[Free-text object descriptions]
----------
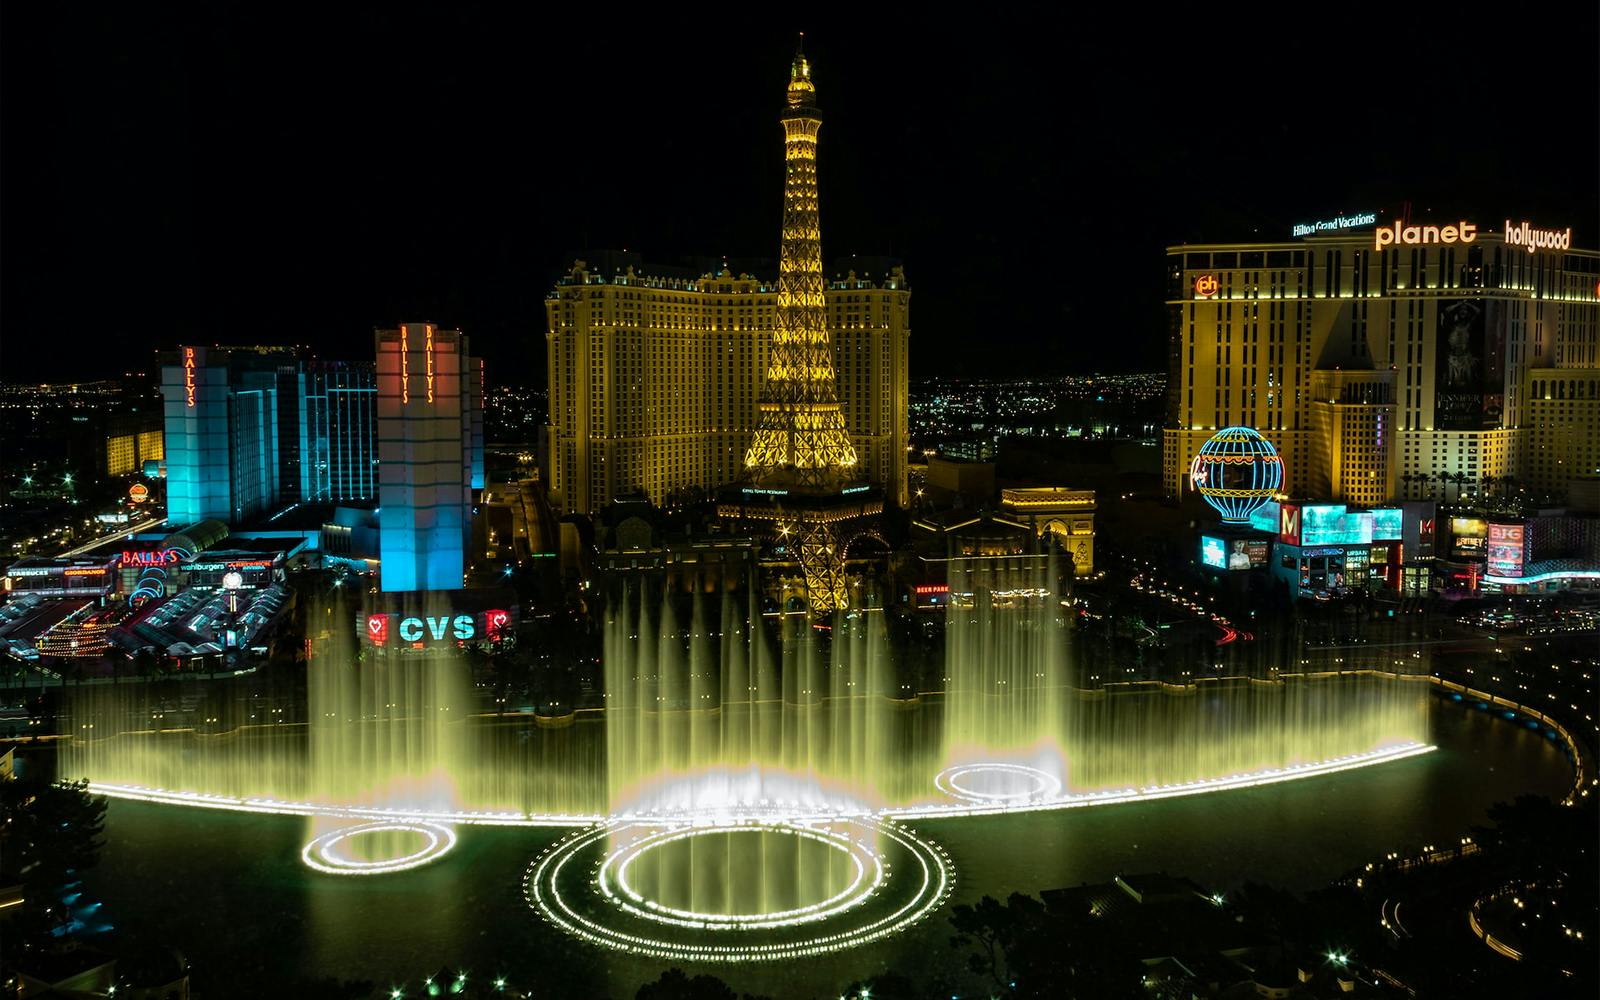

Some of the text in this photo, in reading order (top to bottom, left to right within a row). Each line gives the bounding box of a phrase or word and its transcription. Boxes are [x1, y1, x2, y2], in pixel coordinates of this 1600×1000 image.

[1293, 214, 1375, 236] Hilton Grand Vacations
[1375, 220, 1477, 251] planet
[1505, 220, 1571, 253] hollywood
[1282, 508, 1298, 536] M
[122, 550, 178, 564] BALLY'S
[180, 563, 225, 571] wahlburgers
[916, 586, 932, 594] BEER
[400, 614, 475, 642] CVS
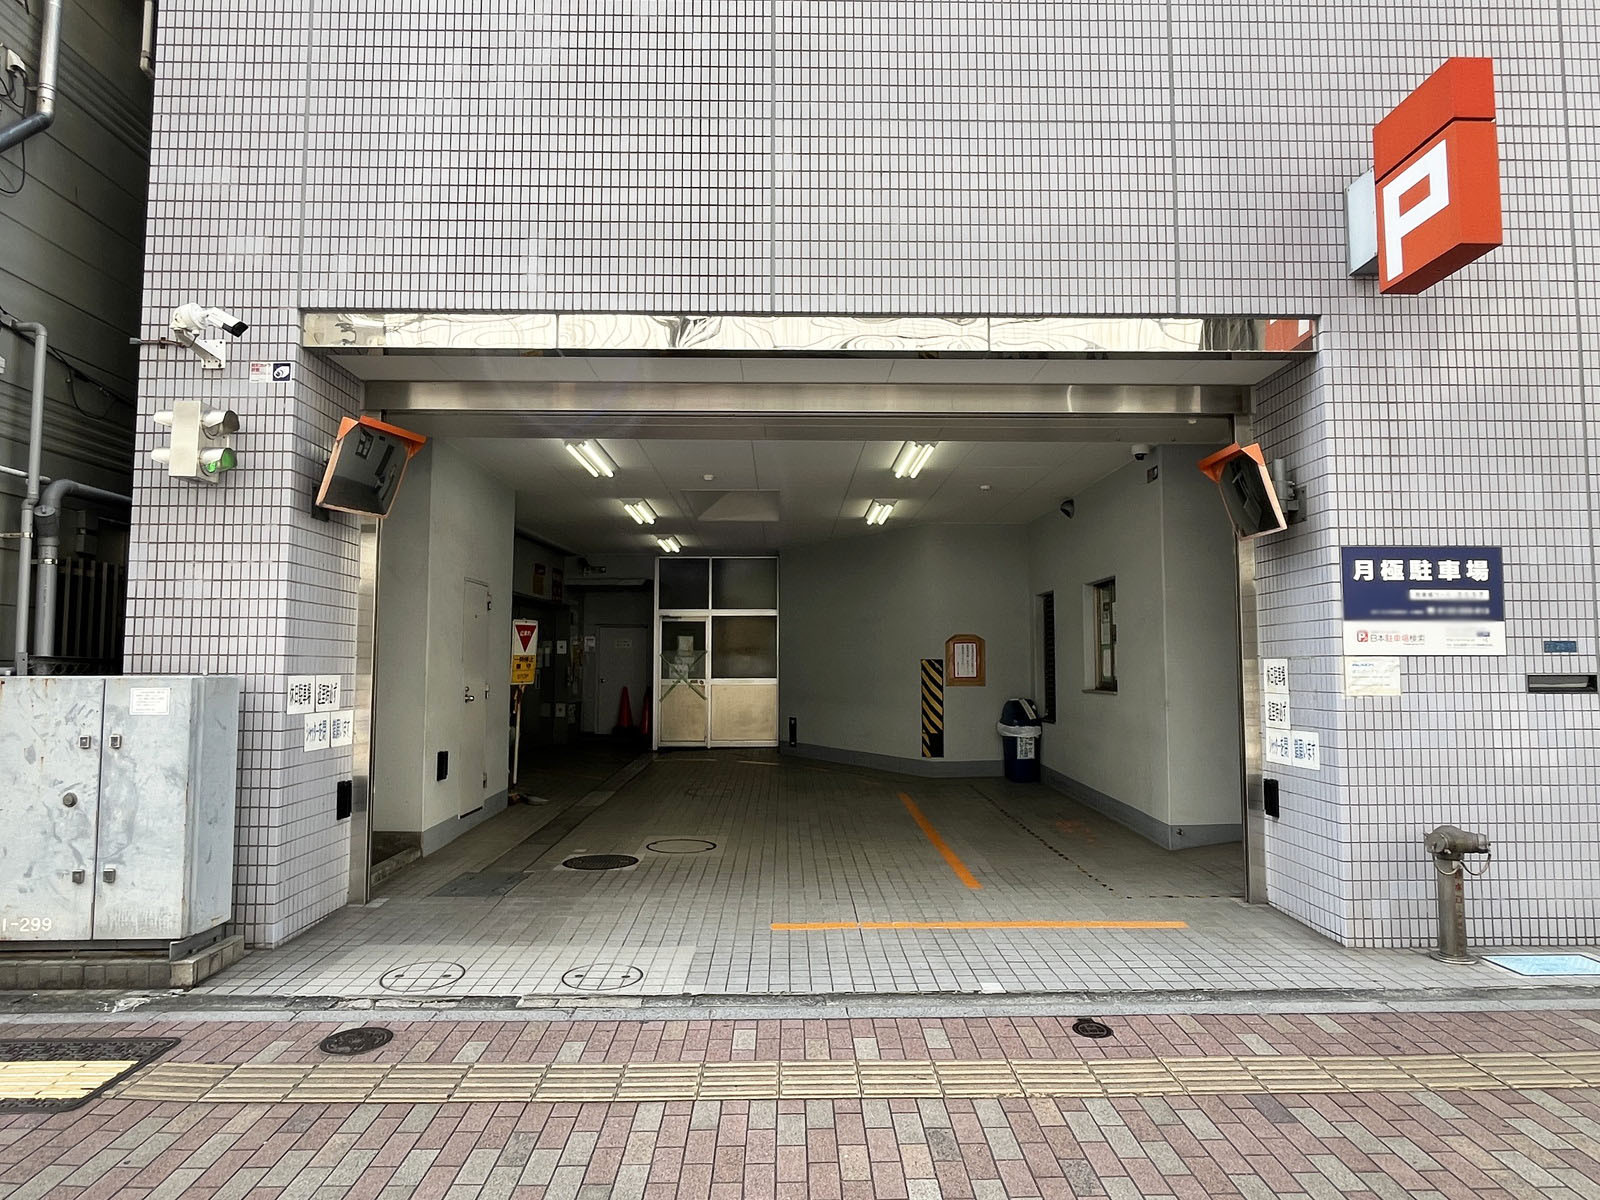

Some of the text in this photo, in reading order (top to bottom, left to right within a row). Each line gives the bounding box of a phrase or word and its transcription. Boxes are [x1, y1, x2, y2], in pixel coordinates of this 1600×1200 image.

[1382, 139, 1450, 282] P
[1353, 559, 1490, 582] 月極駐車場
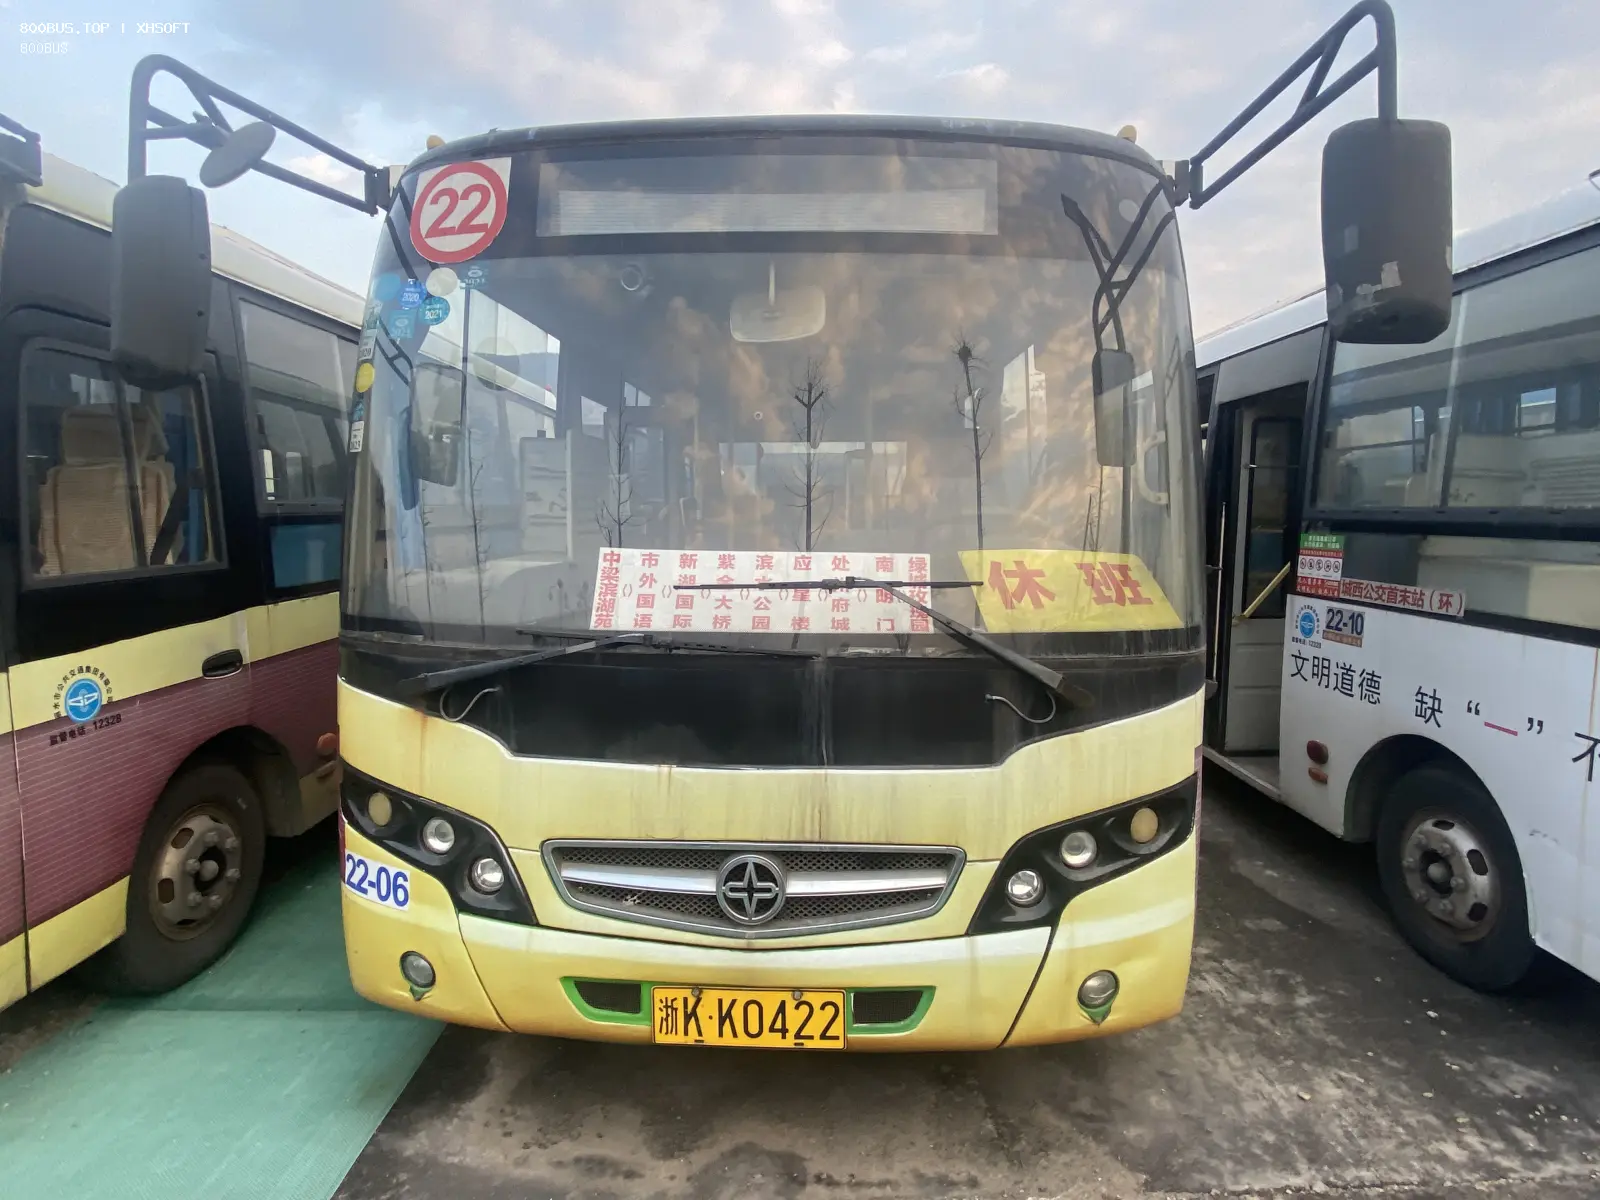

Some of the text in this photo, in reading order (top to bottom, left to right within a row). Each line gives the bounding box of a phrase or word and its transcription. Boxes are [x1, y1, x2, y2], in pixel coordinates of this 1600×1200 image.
----------
## Exercise
Would you please repeat the entries above verbatim, excluding each picture?

## Response box
Some of the text in this photo, in reading order (top to bottom, left to right within a row). Each line gives the bounding box of a phrase or word and its transcription. Boxes are [x1, y1, x2, y2], in pixel coordinates of this 1600×1000 image.

[1293, 214, 1375, 236] Hilton Grand Vacations
[1375, 220, 1477, 251] planet
[1505, 220, 1571, 253] hollywood
[1282, 508, 1298, 536] M
[122, 550, 178, 564] BALLY'S
[180, 563, 225, 571] wahlburgers
[916, 586, 932, 594] BEER
[400, 614, 475, 642] CVS

Some of the text in this photo, in reading order (top to bottom, left to right within a row). Each line gives the bounding box of a phrase or word and its transcription. Boxes are [x1, y1, x2, y2], in pixel coordinates of this 1600×1200 image.

[1382, 139, 1450, 282] P
[1353, 559, 1490, 582] 月極駐車場

Some of the text in this photo, in reading order (top to bottom, left to right within a row). Each line gives the bounding box of a phrase or word and its transcription. Boxes are [x1, y1, x2, y2], in pixel coordinates of this 1600×1200 image.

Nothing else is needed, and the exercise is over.